Pela morte do jornalista Ronaldo Santana há pelo menos uns 20 anos atrás, em 10 de outubro de 1997, quando este se dirigia para a Rádio Jornal, onde apresentava o seu programa, depois de muitos anos, vários julgamentos já foram marcados e todos eles adiados, por decisão do TJ-BA.
Em todos os júris marcados, sempre houve liminar adiando o júri, outro adiamento foi porque o TJ, não tinha como arcar com as despesas dos jurados que residem fora do município, outro, porque o júri foi marcado e o promotor Dr. João Alves se julgou incompetente para o ato, sendo isto pelo fato de os réus serem de Eunápolis e, outro promotor teve se vir de fora e, este julgamento, marcado para esta 2ª feira 05/12, adiado por um erro judicial.


Nesta 2ª feira, ao abrir a sessão de julgamento, Dr. Otaviano Andrade, MM juiz da vara crime, ao declarar que não haveria júri, fez um desabafo, pertinente somente a um juiz, que sempre quer cumprir suas obrigações, mas é impedido pelo Tribunal de Justiça da Bahia, quando disse que um médico, quando abre um paciente, sabe onde estão os órgãos vitais do paciente e qual deles é preciso ser operado, mas o TJ qualquer dia, irá somar 2+2 e o resultado poderá ser 5; fala quem sabe e, por isto, é preciso ter a liberdade de fazer o que deve ser feito.
A reportagem do rota51.com ao final de tudo, conversou com uma das pessoas indiciadas pelo crime, a Sra. Maria Sindoiá, e fez uma pergunta jornalística: “de como ela se sentia diante de situações como esta e se por ela este júri já deveria ter acontecido”. – Dona Maria respondeu que “hoje é hipertensa, diabética e que este júri já deveria ter acontecido há muito empo, pois evitaria o stress, o nervosismo, a impaciência e, sobre tudo passar por situações vexatórias como esta e, que esta situação é muito incômoda tanto para ela como para seus familiares, Dona Maria ressaltou que, sempre que um júri é marcado, ela já tem a impressão de que, mais uma vez, ela estará diante de uma situação muito debilitada de saúde, e o que a ampara, é a força dos amigos e da família.”
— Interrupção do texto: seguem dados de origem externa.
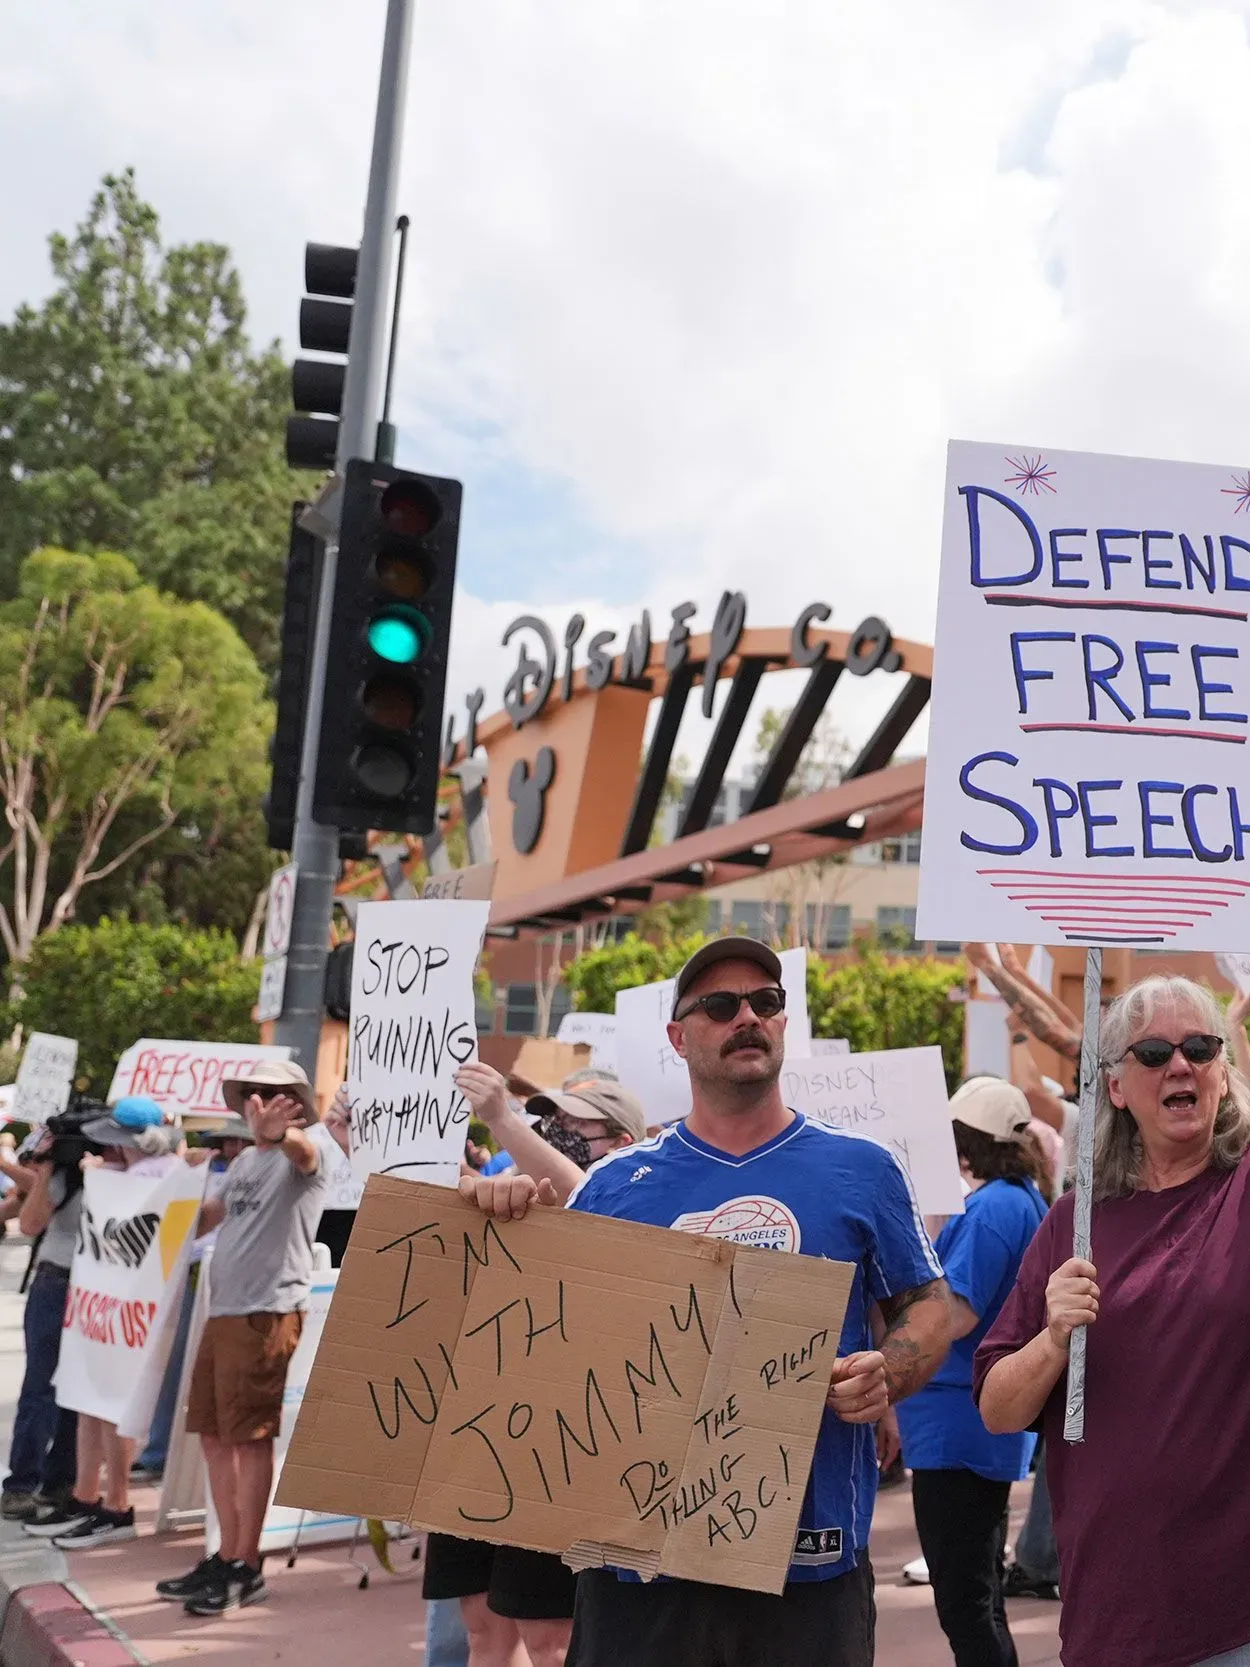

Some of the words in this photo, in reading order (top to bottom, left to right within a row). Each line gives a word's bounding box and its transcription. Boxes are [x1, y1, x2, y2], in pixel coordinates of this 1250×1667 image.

[1010, 631, 1249, 723] FREE
[362, 938, 449, 997] STOP
[352, 1007, 475, 1083] RUINING
[784, 1062, 878, 1103] DISNEY
[351, 1089, 471, 1158] EVERYTHING
[816, 1101, 886, 1128] MEANS
[733, 1228, 787, 1241] ANGELES
[376, 1219, 522, 1328] I'M
[367, 1280, 568, 1439] WITH
[694, 1394, 742, 1444] THE
[759, 1329, 828, 1390] RIGHT
[640, 1453, 746, 1530] THING
[707, 1445, 792, 1547] ABC!
O que algumas pessoas acham, é que dentre os indiciados, existe alguém realmente culpado e que tem medo da condenação e por isto, sempre que um júri é marcado, sempre existe uma liminar para anulação da data marcada. Isso além prejudicar os que querem o julgamento, ainda causa constrangimento a todos os envolvidos, quer como indiciados, como advogados de defesa, do MP, do Juiz e principalmente dos jurados.
Desta forma, um novo júri será marcado, mas quando ninguém sabe, a saber que em 2017, haverá a semana nacional do júri e em uma data qualquer outro júri poderá ser marcado, estiveram presentes todos os jurados convocados para o sorteio, o MM juiz Dr Otaviano presidente do júri e o promotor Dr. Ariosmar Figueiredo que atuaria como acusação e, os advogados de defesa Dr. Fabrício Ghill Frieber, e Dr. Antônio Pitanga.